There are a variety of factors that could increase the consumption of fish and seafood, long-term.
There is a growing public awareness that most seafood is a healthy alternative to meat, and is loaded with “good” fats. Fish is a high-protein food that provides a range of health benefits. White-fleshed fish, in particular, is lower in fat than any other source of animal protein, and oily fish are high in omega-3 fatty acids. Since the human body can’t make significant amounts of these essential nutrients, fish are an important part of the diet. Also, fish are low in the "bad" fats commonly found in red meat, called omega-6 fatty acids. Omega-3 fats are found in all seafood but are highest in fatty ocean fish such as salmon, sardines, mackerel, anchovies, and tuna. They are less abundant, although still significant, in flaky, leaner fish such as tilapia and catfish.
In part due to sustainability issues, the seafood industry is beginning to shift from wild harvest to aquaculture, the production of aquatic plants and animals under grower-controlled conditions. Aquaculture is growing rapidly in many countries, particularly China, Chile, and Thailand. Total world production is estimated by the Food and Agriculture Organization (FAO) of the United Nations.

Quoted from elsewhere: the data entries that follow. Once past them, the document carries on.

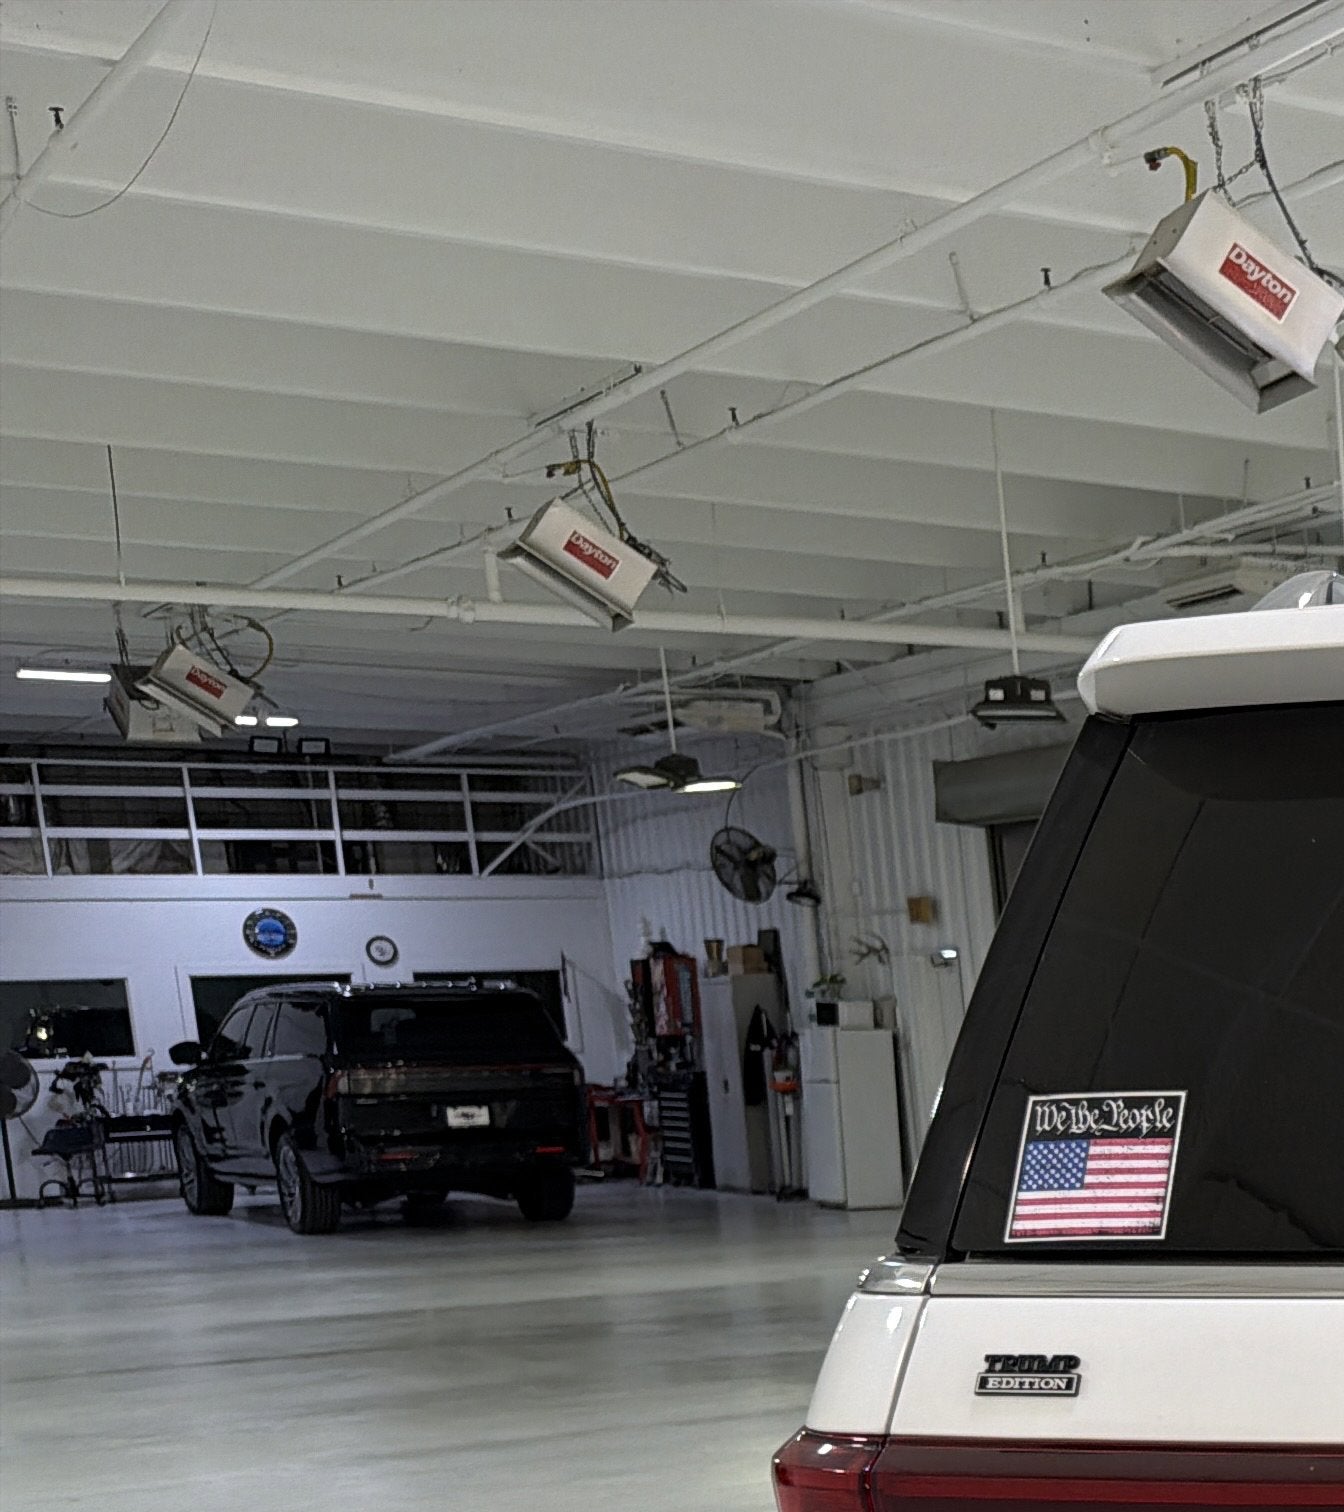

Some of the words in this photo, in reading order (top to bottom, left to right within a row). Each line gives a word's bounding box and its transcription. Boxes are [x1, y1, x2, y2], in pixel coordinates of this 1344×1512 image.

[1228, 246, 1295, 304] Dayton
[1035, 1101, 1070, 1135] We
[1061, 1100, 1103, 1136] The
[1099, 1098, 1176, 1139] People
[984, 1354, 1081, 1374] TRUMP
[986, 1377, 1069, 1390] EDITION

Sustainable seafood is seafood from either fished or farmed sources that can maintain or increase production in the future without jeopardizing the ecosystems from which it was acquired. The sustainable seafood movement has gained momentum as more people become aware about both overfishing and environmentally destructive fishing methods. Sustainable seafood organizations promote either farm-raised fish or wild-caught seafood that is either caught in a sustainable manner or is a species that is currently able to sustain its harvest. The goal is to prevent over fishing as well as to discourage methods that harm a large variety of species beyond the ‘target’ fish.